### WHAT IS BEING ASKED
Every line below should come back exactly as written, though the pictures stay out.

*** GIVEN DATA Section Begins ***

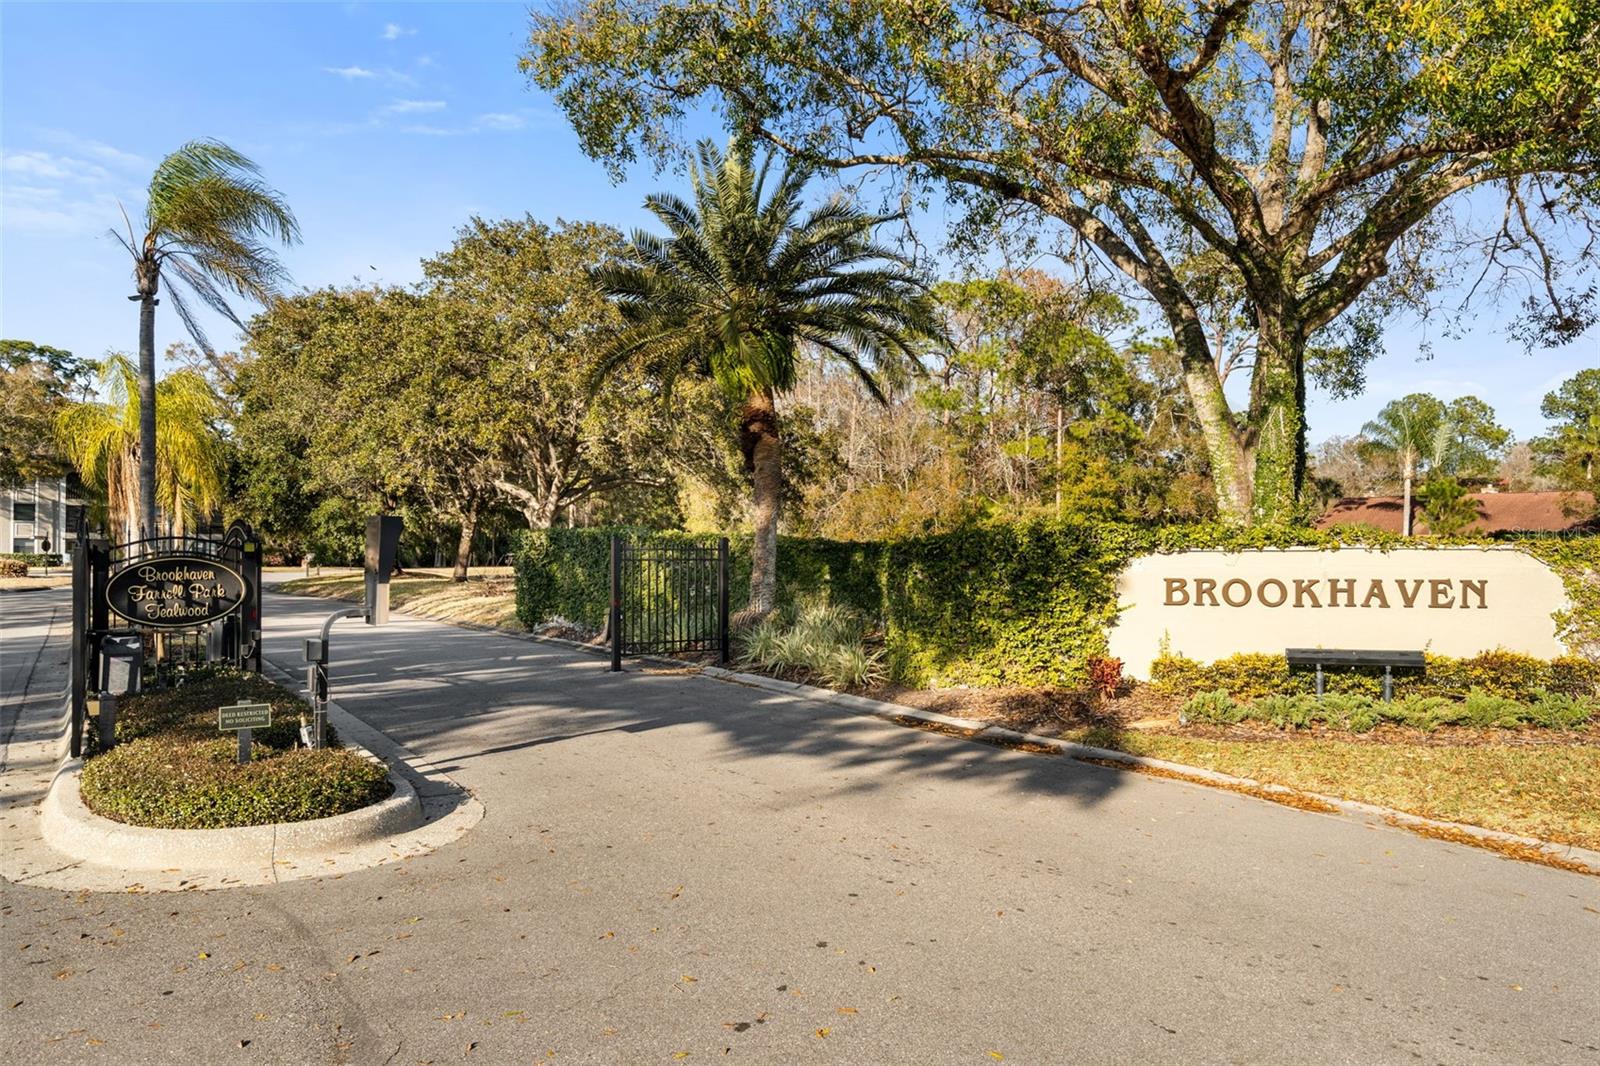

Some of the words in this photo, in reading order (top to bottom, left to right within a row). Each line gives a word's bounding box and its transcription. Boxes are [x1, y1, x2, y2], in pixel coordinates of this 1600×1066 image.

[138, 566, 216, 582] Brookhaven
[127, 584, 184, 602] Farrell
[188, 583, 226, 599] Park
[1163, 577, 1489, 609] BROOKHAVEN
[144, 602, 209, 619] Tealwood
[222, 711, 236, 719] DEED
[237, 709, 269, 717] RESTRICTED
[235, 715, 266, 723] SOLICITING

*** GIVEN DATA Section Ends ***

### TASK RESULT
Some of the words in this photo, in reading order (top to bottom, left to right within a row). Each line gives a word's bounding box and its transcription. Boxes are [x1, y1, x2, y2], in pixel coordinates of this 1600×1066 image.

[138, 566, 216, 582] Brookhaven
[127, 584, 184, 602] Farrell
[188, 583, 226, 599] Park
[1163, 577, 1489, 609] BROOKHAVEN
[144, 602, 209, 619] Tealwood
[222, 711, 236, 719] DEED
[237, 709, 269, 717] RESTRICTED
[235, 715, 266, 723] SOLICITING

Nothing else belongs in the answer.